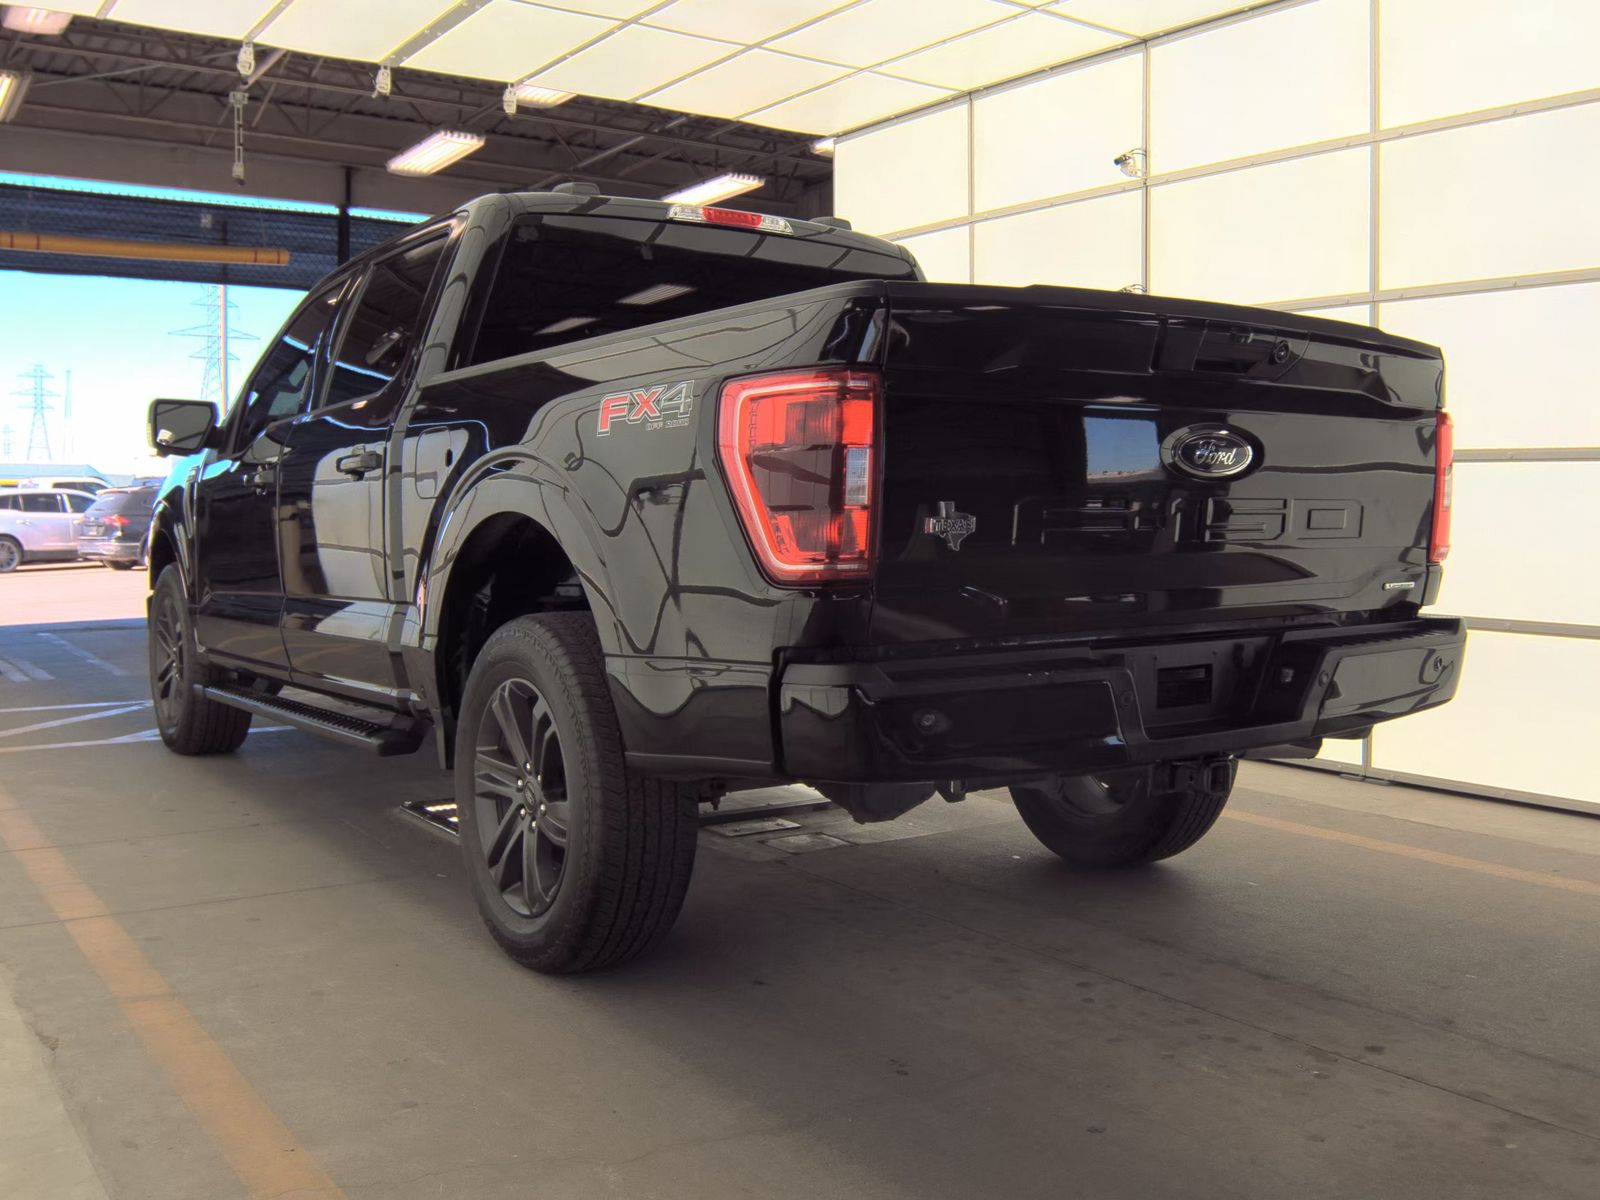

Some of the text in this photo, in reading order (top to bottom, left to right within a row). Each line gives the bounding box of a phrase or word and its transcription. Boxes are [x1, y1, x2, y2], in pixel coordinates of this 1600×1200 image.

[597, 380, 694, 436] FX4
[645, 421, 664, 431] OFF
[1189, 439, 1237, 465] Ford
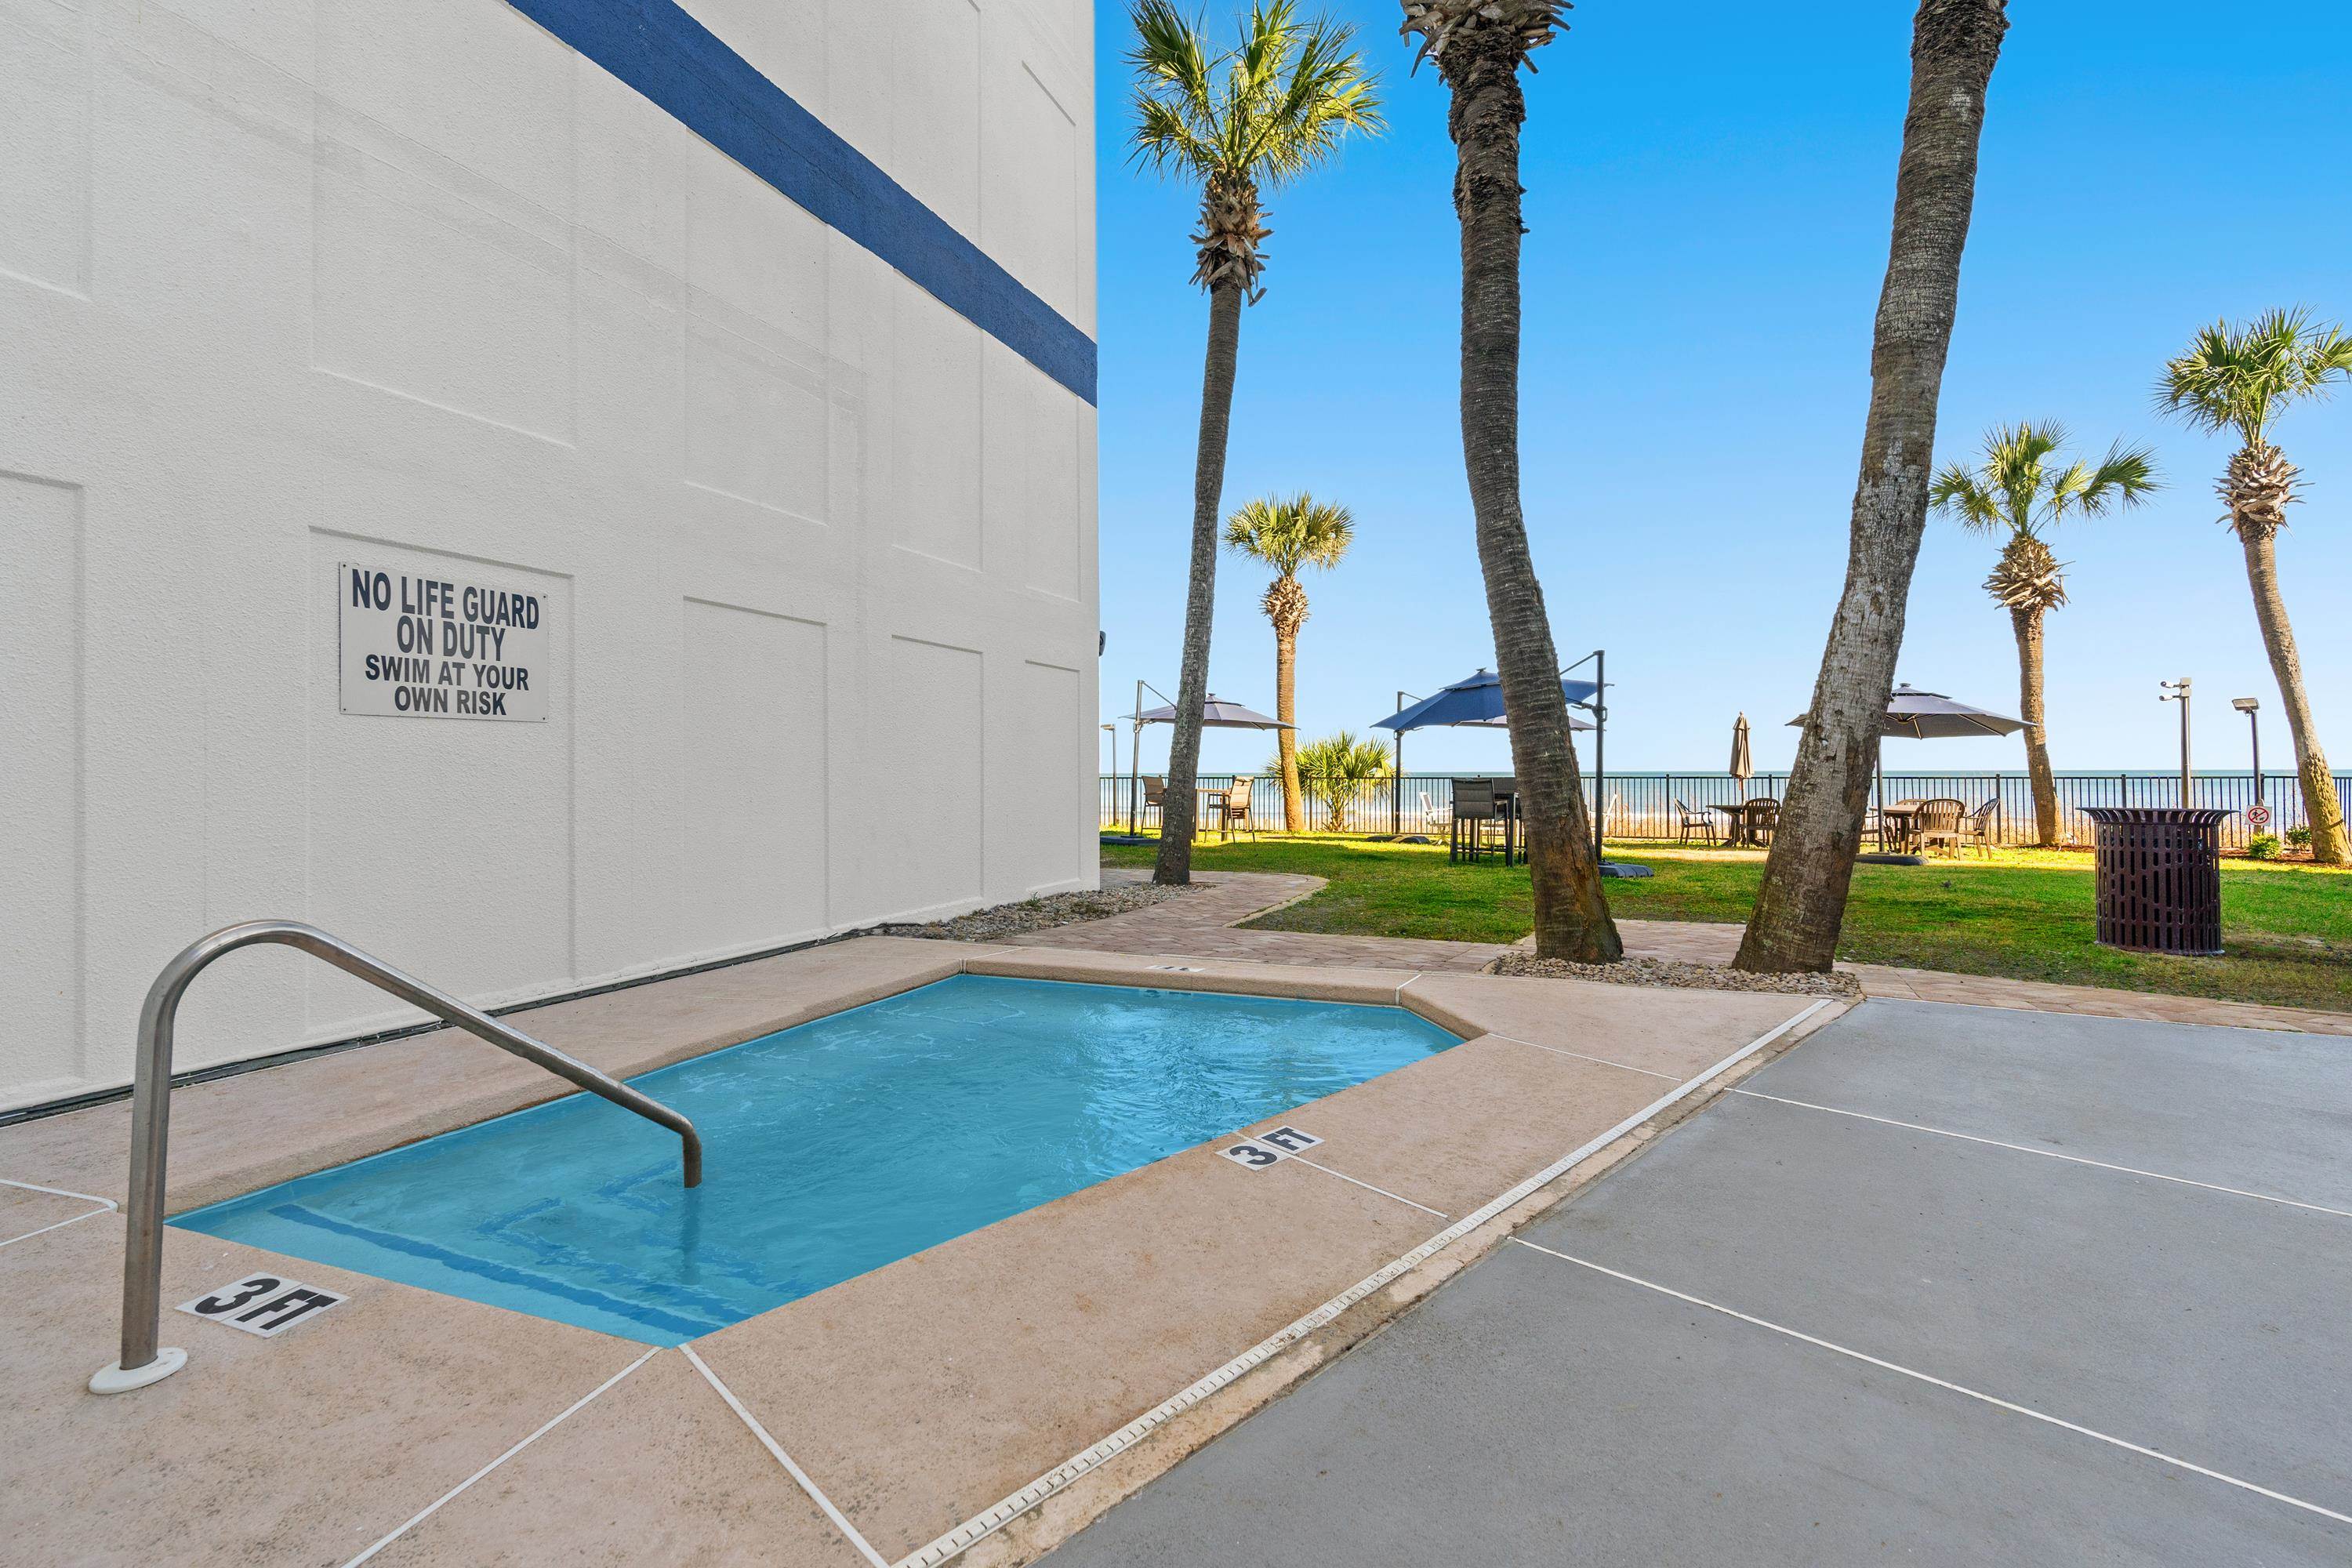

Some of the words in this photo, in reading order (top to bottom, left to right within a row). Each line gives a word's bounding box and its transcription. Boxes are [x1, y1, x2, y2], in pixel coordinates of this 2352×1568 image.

[352, 568, 391, 612] NO
[401, 575, 455, 619] LIFE
[463, 586, 539, 630] GUARD
[397, 615, 433, 655] ON
[443, 620, 506, 662] DUTY
[365, 654, 430, 684] SWIM
[437, 660, 466, 686] AT
[472, 663, 529, 691] YOUR
[394, 685, 448, 713] OWN
[456, 689, 506, 716] RISK
[1229, 1145, 1278, 1166] 3
[1261, 1127, 1316, 1152] FT
[194, 1278, 281, 1314] 3
[234, 1288, 339, 1330] FT
--
Starting at the line that contains "Some of the words", write out every line through the last one in the data above, exactly as it stands.

Exercise solution –
Some of the words in this photo, in reading order (top to bottom, left to right within a row). Each line gives a word's bounding box and its transcription. Boxes are [x1, y1, x2, y2], in pixel coordinates of this 2352×1568 image.

[352, 568, 391, 612] NO
[401, 575, 455, 619] LIFE
[463, 586, 539, 630] GUARD
[397, 615, 433, 655] ON
[443, 620, 506, 662] DUTY
[365, 654, 430, 684] SWIM
[437, 660, 466, 686] AT
[472, 663, 529, 691] YOUR
[394, 685, 448, 713] OWN
[456, 689, 506, 716] RISK
[1229, 1145, 1278, 1166] 3
[1261, 1127, 1316, 1152] FT
[194, 1278, 281, 1314] 3
[234, 1288, 339, 1330] FT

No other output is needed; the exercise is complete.